Look below for the line with "this 1200×1200 image.", then give it again exactly, along with every line that comes after it, the final line included.
········
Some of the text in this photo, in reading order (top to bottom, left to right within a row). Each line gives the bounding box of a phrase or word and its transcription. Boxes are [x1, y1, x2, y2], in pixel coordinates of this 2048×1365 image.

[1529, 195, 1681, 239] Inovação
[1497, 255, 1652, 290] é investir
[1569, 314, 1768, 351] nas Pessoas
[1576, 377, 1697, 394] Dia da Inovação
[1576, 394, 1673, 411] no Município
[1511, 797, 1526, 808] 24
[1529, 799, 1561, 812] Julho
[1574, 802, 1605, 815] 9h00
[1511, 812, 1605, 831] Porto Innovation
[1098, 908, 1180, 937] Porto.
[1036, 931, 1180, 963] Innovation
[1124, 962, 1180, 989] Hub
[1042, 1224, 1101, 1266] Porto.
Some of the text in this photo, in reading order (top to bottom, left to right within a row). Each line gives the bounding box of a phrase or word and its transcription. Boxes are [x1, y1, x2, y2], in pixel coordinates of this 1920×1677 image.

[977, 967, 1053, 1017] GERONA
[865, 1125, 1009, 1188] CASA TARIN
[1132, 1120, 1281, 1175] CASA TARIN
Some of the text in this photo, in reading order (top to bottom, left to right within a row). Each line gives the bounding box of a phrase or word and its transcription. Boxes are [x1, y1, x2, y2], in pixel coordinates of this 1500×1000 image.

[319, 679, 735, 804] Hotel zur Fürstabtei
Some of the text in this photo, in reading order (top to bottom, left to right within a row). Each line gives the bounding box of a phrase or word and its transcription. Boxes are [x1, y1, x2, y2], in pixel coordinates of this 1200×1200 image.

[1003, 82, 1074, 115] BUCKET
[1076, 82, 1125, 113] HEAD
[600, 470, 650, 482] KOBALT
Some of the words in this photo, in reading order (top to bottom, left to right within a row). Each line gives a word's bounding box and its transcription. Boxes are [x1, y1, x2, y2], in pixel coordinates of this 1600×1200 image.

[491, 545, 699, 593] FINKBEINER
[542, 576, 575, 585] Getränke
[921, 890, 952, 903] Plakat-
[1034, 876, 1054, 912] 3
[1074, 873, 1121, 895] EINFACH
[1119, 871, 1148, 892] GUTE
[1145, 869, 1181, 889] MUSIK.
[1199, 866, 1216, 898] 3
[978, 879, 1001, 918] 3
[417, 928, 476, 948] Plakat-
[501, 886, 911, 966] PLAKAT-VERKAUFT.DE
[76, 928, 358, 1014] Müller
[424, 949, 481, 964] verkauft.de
········
### Answer section
Some of the text in this photo, in reading order (top to bottom, left to right within a row). Each line gives the bounding box of a phrase or word and its transcription. Boxes are [x1, y1, x2, y2], in pixel coordinates of this 1200×1200 image.

[1003, 82, 1074, 115] BUCKET
[1076, 82, 1125, 113] HEAD
[600, 470, 650, 482] KOBALT
Some of the words in this photo, in reading order (top to bottom, left to right within a row). Each line gives a word's bounding box and its transcription. Boxes are [x1, y1, x2, y2], in pixel coordinates of this 1600×1200 image.

[491, 545, 699, 593] FINKBEINER
[542, 576, 575, 585] Getränke
[921, 890, 952, 903] Plakat-
[1034, 876, 1054, 912] 3
[1074, 873, 1121, 895] EINFACH
[1119, 871, 1148, 892] GUTE
[1145, 869, 1181, 889] MUSIK.
[1199, 866, 1216, 898] 3
[978, 879, 1001, 918] 3
[417, 928, 476, 948] Plakat-
[501, 886, 911, 966] PLAKAT-VERKAUFT.DE
[76, 928, 358, 1014] Müller
[424, 949, 481, 964] verkauft.de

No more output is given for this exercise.